Segment Start: Records to process
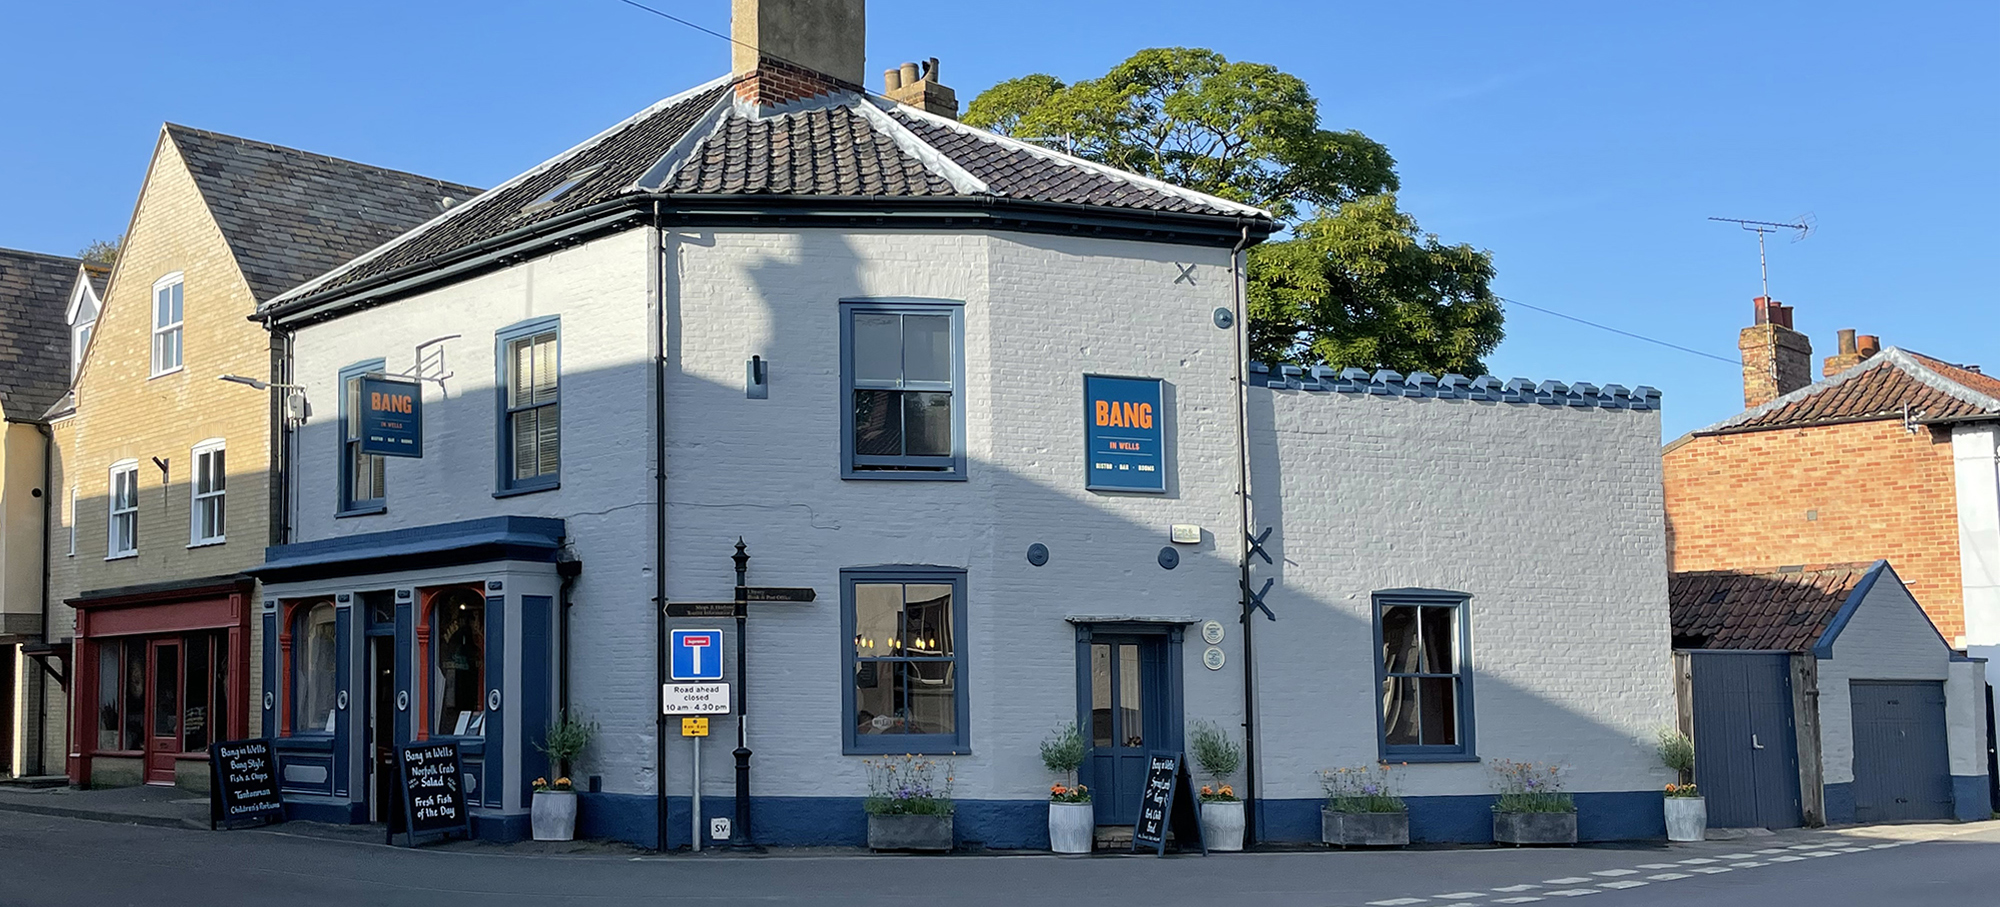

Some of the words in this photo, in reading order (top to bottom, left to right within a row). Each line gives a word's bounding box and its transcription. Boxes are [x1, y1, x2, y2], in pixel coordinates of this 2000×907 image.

[371, 392, 412, 414] BANG
[1096, 400, 1152, 429] BANG
[1110, 441, 1117, 449] IN
[1119, 442, 1140, 450] WELLS
[221, 747, 240, 760] Bang
[240, 746, 246, 754] in
[246, 745, 266, 754] Wells
[405, 750, 423, 765] Bang
[425, 749, 432, 759] in
[432, 746, 453, 758] Wells
[230, 760, 247, 772] Bang
[248, 758, 264, 771] Style
[411, 764, 438, 779] Norfolk
[439, 762, 455, 774] Crab
[230, 774, 244, 782] Fish
[251, 773, 268, 783] Chips
[421, 775, 444, 787] Salad
[415, 795, 434, 807] Fresh
[436, 794, 452, 804] Fish
[231, 803, 259, 814] Children's
[417, 808, 424, 820] of
[425, 807, 438, 817] the
[440, 805, 455, 819] Day
[715, 824, 726, 832] SV
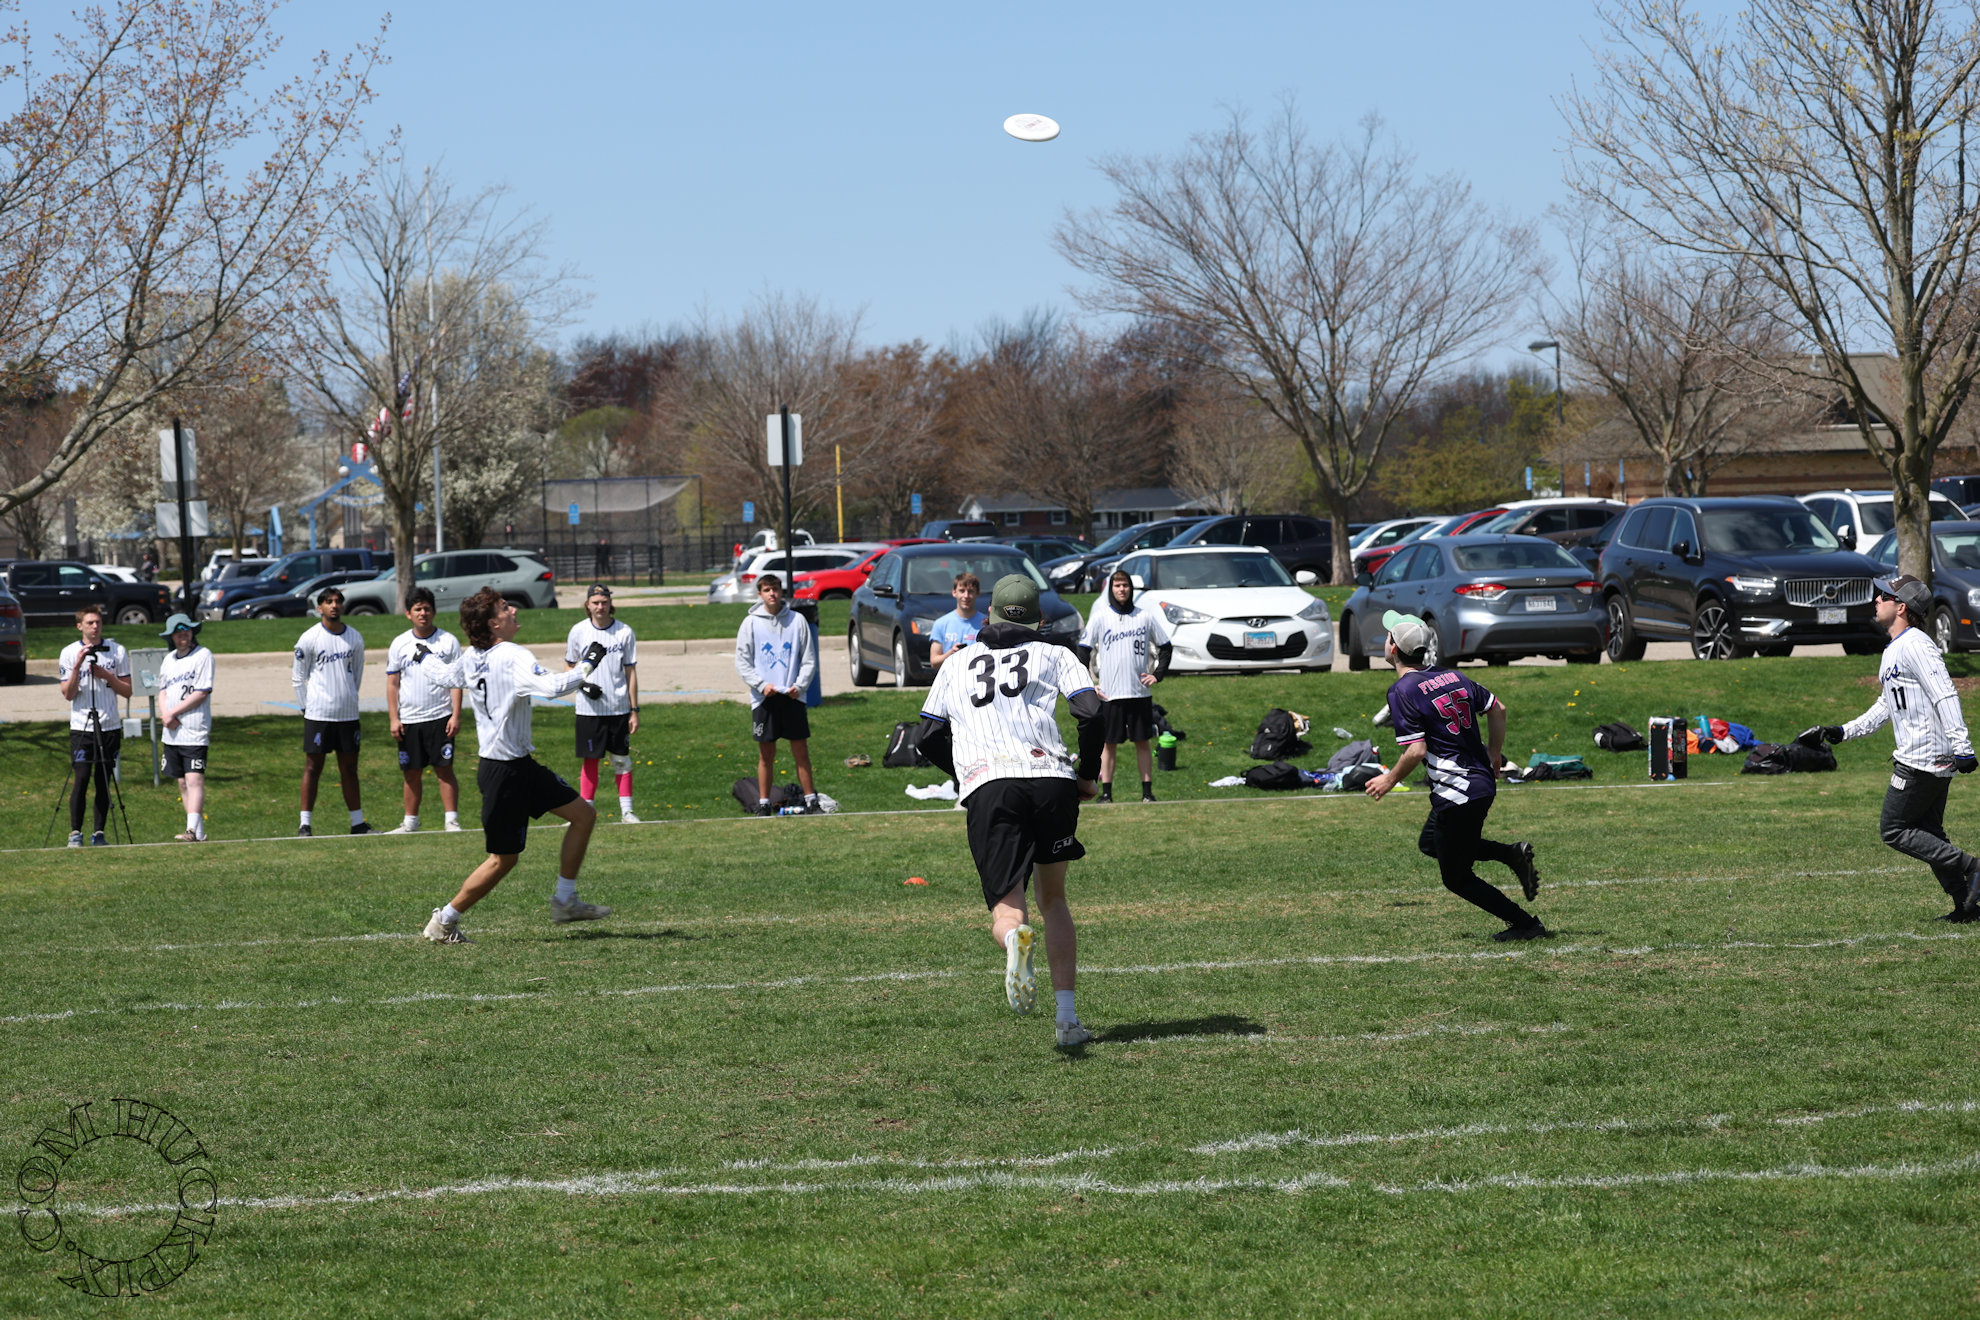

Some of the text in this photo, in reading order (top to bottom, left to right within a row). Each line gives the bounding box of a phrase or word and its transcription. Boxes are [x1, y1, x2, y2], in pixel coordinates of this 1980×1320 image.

[1102, 625, 1147, 651] Gnomes
[1133, 640, 1146, 656] 99
[968, 649, 1030, 708] 33
[1418, 672, 1460, 695] FISSION
[1431, 687, 1472, 735] 55
[1891, 686, 1907, 711] 11
[191, 759, 206, 770] IS
Segment End: Records to process
What you will do
Leave every image out when you return the material above word for word.

Response for this exercise
Some of the words in this photo, in reading order (top to bottom, left to right within a row). Each line gives a word's bounding box and its transcription. Boxes are [x1, y1, x2, y2], in pixel coordinates of this 2000×907 image.

[371, 392, 412, 414] BANG
[1096, 400, 1152, 429] BANG
[1110, 441, 1117, 449] IN
[1119, 442, 1140, 450] WELLS
[221, 747, 240, 760] Bang
[240, 746, 246, 754] in
[246, 745, 266, 754] Wells
[405, 750, 423, 765] Bang
[425, 749, 432, 759] in
[432, 746, 453, 758] Wells
[230, 760, 247, 772] Bang
[248, 758, 264, 771] Style
[411, 764, 438, 779] Norfolk
[439, 762, 455, 774] Crab
[230, 774, 244, 782] Fish
[251, 773, 268, 783] Chips
[421, 775, 444, 787] Salad
[415, 795, 434, 807] Fresh
[436, 794, 452, 804] Fish
[231, 803, 259, 814] Children's
[417, 808, 424, 820] of
[425, 807, 438, 817] the
[440, 805, 455, 819] Day
[715, 824, 726, 832] SV

Some of the text in this photo, in reading order (top to bottom, left to right within a row). Each line gives the bounding box of a phrase or word and its transcription. Boxes are [x1, y1, x2, y2], in pixel coordinates of this 1980×1320 image.

[1102, 625, 1147, 651] Gnomes
[1133, 640, 1146, 656] 99
[968, 649, 1030, 708] 33
[1418, 672, 1460, 695] FISSION
[1431, 687, 1472, 735] 55
[1891, 686, 1907, 711] 11
[191, 759, 206, 770] IS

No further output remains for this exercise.